Required work -> Repeat each record below exactly, omitting whatever pictures appear in it.

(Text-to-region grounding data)

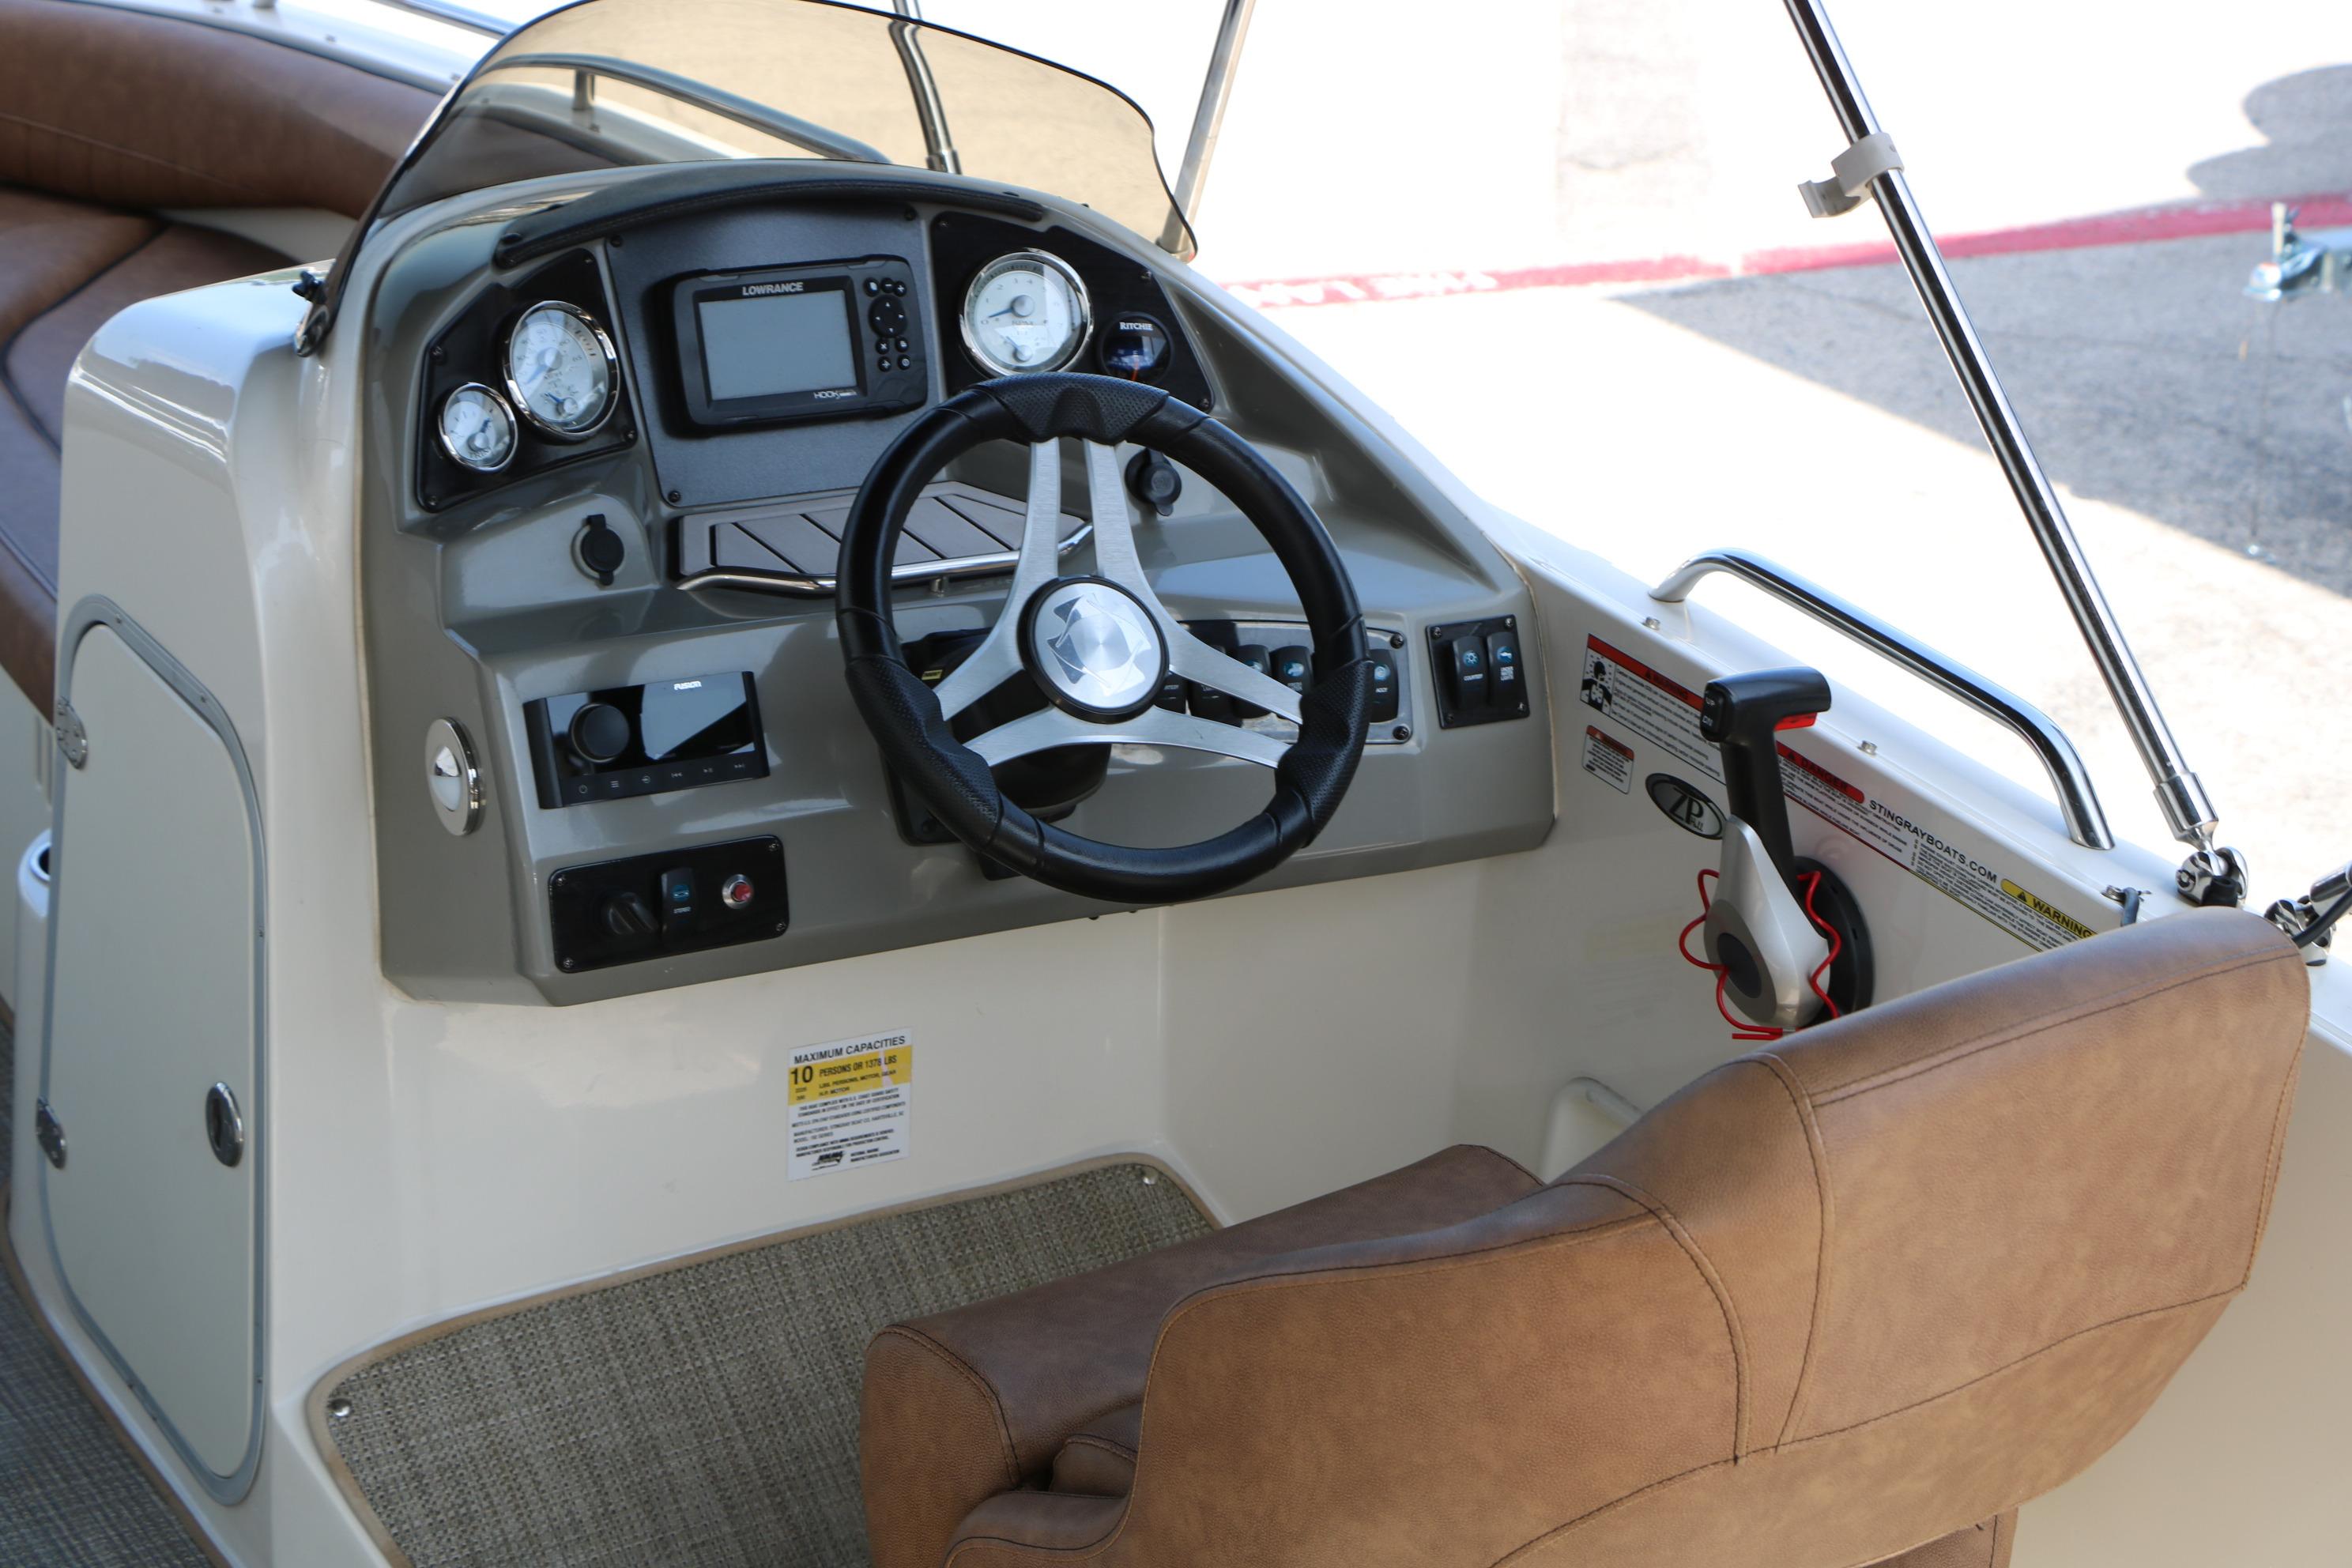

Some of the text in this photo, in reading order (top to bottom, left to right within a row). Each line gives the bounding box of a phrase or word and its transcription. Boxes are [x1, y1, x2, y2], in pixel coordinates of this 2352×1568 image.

[742, 281, 804, 296] LOWRANCE
[1119, 322, 1153, 330] RITCHIE
[1802, 758, 1847, 790] DANGER
[1869, 800, 1997, 884] STINGRAYBOATS.COM
[2033, 898, 2093, 937] WARNING
[794, 1035, 906, 1064] MAXIMUM CAPACITIES
[790, 1065, 813, 1085] 10
[819, 1062, 851, 1077] PERSONS
[853, 1061, 864, 1072] OR
[884, 1055, 897, 1065] LBS

Expected answer ->
Some of the text in this photo, in reading order (top to bottom, left to right within a row). Each line gives the bounding box of a phrase or word and its transcription. Boxes are [x1, y1, x2, y2], in pixel coordinates of this 2352×1568 image.

[742, 281, 804, 296] LOWRANCE
[1119, 322, 1153, 330] RITCHIE
[1802, 758, 1847, 790] DANGER
[1869, 800, 1997, 884] STINGRAYBOATS.COM
[2033, 898, 2093, 937] WARNING
[794, 1035, 906, 1064] MAXIMUM CAPACITIES
[790, 1065, 813, 1085] 10
[819, 1062, 851, 1077] PERSONS
[853, 1061, 864, 1072] OR
[884, 1055, 897, 1065] LBS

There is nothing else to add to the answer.